• [Listed entries]:
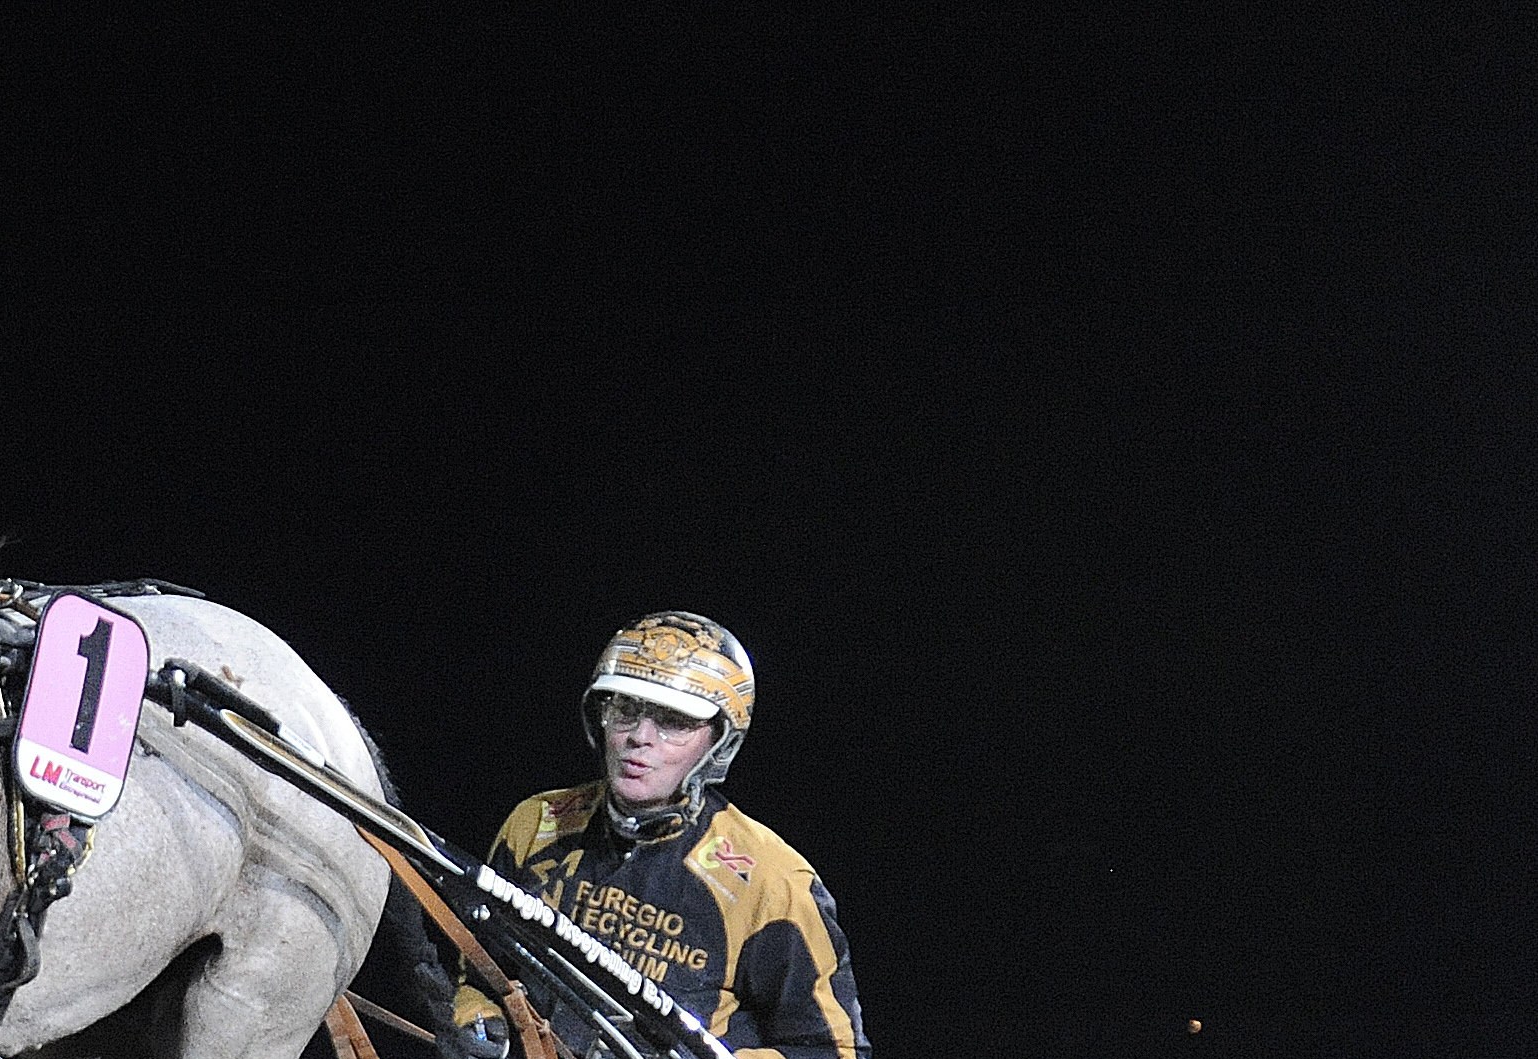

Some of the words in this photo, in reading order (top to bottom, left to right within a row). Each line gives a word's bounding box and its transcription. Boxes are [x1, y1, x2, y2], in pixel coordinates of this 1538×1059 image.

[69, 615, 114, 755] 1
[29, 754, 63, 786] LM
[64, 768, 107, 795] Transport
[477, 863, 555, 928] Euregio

• [Exercise objective]:
Could you restate every record above word for word, leaving the pictures out?

• [Solution to the exercise]:
Some of the words in this photo, in reading order (top to bottom, left to right within a row). Each line gives a word's bounding box and its transcription. Boxes are [x1, y1, x2, y2], in pixel coordinates of this 1538×1059 image.

[69, 615, 114, 755] 1
[29, 754, 63, 786] LM
[64, 768, 107, 795] Transport
[477, 863, 555, 928] Euregio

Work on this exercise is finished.